ABOUT KOJI WAKAMATSU

January 19, 2010 by: Dissidenz International

BIOGRAPHY
Koji Wakamatsu (born 1 April 1936, in Wakuya, Miyagi, Japan) moved to Tokyo at the age of 17 and after a series of small jobs became a yakuza. Following a fight, he was sent to prison where he learned that power leads to repression and brutality. After his release, he wrote a book about his experience and found in filmmaking a way to expose the abuse of power. In 1959, he worked in television and four years later shot his first film. He was granted total artistic freedom as long as sex and violence predominated. His “pinku eiga” (erotic Japanese films) attracted a lot of attention and step by step he realized that eroticism was necessary to the development of his political discourse; thus the original constraint had become a necessity. In 1965 he created his own production company Wakamatsu Production and directed Secrets behind the Wall. The film was submitted to Berlin Film Festival that same year and was nominated for the Golden Bear. Its controversy led to a diplomatic incident between Germany and Japan; Wakamatsu’s camera had thus become an active political weapon exposing the faults of a hypocritical government and the mouthpiece of the identity crisis of young people (Go Go Second Time Virgin, Sex Jack). In the 1960s-1970s, Wakamatsu’s films, shot frenetically (around ten films a year) with a simplistic touch in their bare staging that was reminiscent of Jean-Luc Godard, but with sexual excesses and brutality that were typical of exploitation films, are virulent anarchist manifestos that maddened Japanese authorities and also got him banned from American and Russian territories. In 1971 Wakamatsu gained international notoriety at Directors’ Fortnight at Cannes Film Festival with Violated Angels (1967) and Sex Jack (1970). Five years later he joined Nagisa Oshima’s The Realm of Senses on the latter’s request as the executive producer. His latest film, United Red Army, was selected at Berlin Film Festival in 2008 (Forum section) and critically-acclaimed worldwide.

SELECTIVE FILMOGRAPHY
Secrets Behind The Wall (1965, b&w, 75’) Berlin Film Festival 1965
The Embryo Hunts in Secret (1966, b&w, 72’)

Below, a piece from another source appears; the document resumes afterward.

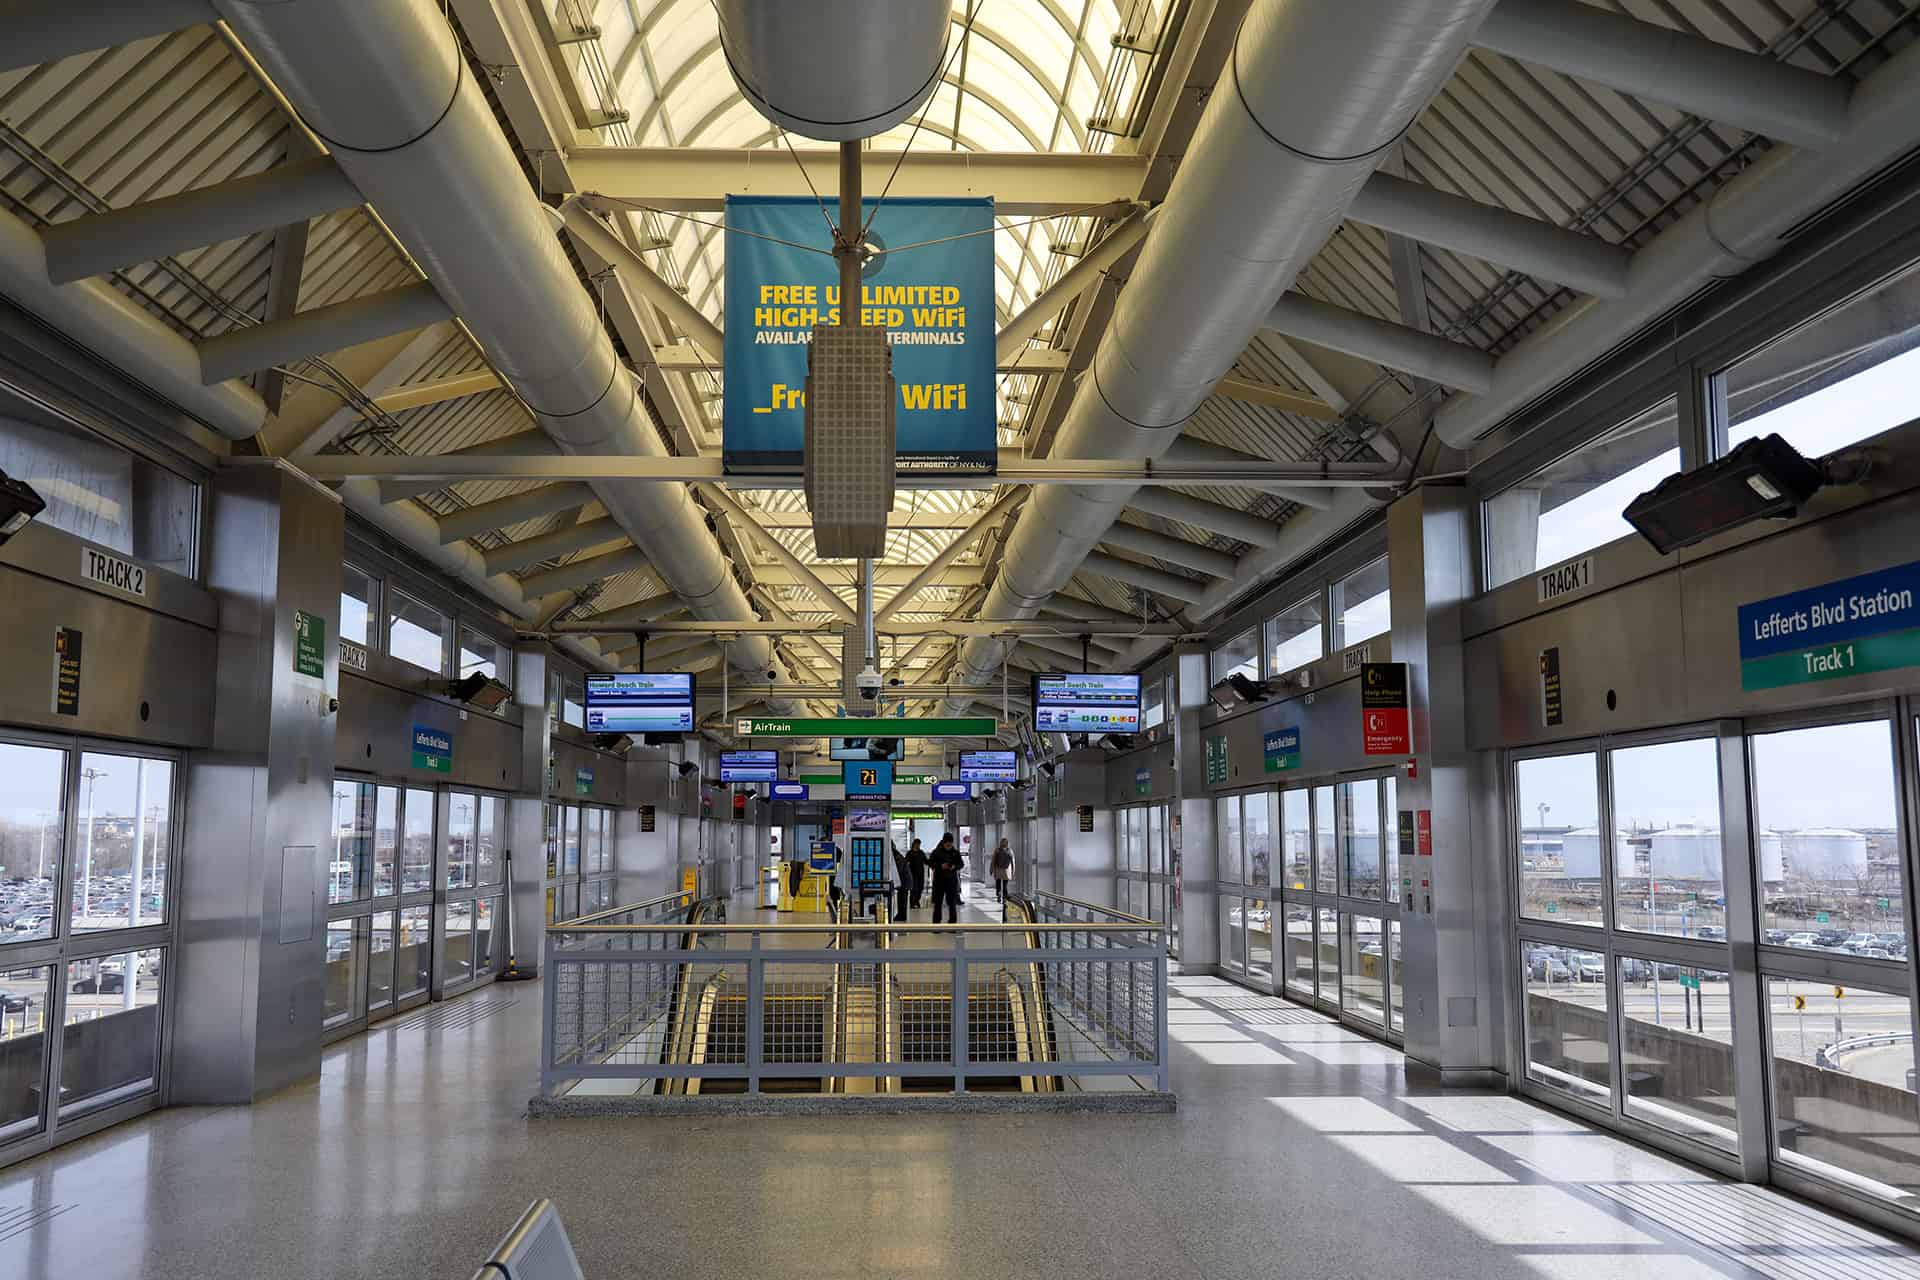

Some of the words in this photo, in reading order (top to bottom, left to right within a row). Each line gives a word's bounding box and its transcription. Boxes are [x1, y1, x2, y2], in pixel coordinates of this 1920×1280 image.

Violated Angels (1967, b&w, 56’) Cannes Film Festival Directors’ Fortnight 1971
Season of Terror (1969, b&w/color, 78’)
Violent Virgin (1969, b&w /color, 66’)
Running in Madness, Dying in Love (1969, color, 72’)

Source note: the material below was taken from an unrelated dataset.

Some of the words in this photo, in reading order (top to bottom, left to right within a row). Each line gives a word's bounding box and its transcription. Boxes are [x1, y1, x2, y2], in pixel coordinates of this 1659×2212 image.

Naked Bullet (1969, b&w /color, 72’)
Go Go Second Time Virgin (1969, b&w /color, 65’)
Violence Without a Cause (1969, b&w /color, 72’)

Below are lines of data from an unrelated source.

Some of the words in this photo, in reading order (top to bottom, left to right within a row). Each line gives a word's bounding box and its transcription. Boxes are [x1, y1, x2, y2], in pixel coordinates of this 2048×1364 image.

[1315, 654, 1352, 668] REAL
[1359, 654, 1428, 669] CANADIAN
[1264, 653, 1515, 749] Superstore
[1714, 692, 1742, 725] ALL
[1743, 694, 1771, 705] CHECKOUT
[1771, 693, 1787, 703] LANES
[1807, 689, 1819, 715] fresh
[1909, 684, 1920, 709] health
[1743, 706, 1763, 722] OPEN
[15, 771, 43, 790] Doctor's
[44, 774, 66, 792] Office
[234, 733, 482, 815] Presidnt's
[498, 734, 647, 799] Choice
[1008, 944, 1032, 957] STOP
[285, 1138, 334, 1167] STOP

Sex Jack (1970, n&b/color, 70’) Cannes Film Festival Directors’ Fortnight 1971
Shinjuku Mad (1970, b&w /color, 66’)
The Woman Who Wanted To Die (1970, b&w /color, 71’)
Red Army / PFLP: World War Declaration (1971, b&w, 80′)
Ecstasy of The Angels (1972, b&w /color, 89’)
A Pool Without Water (1982, color, 103′)
Landscape of a 17-Year-Old (2004, color, 89′)
United Red Army (2008, b&w /color, 190′)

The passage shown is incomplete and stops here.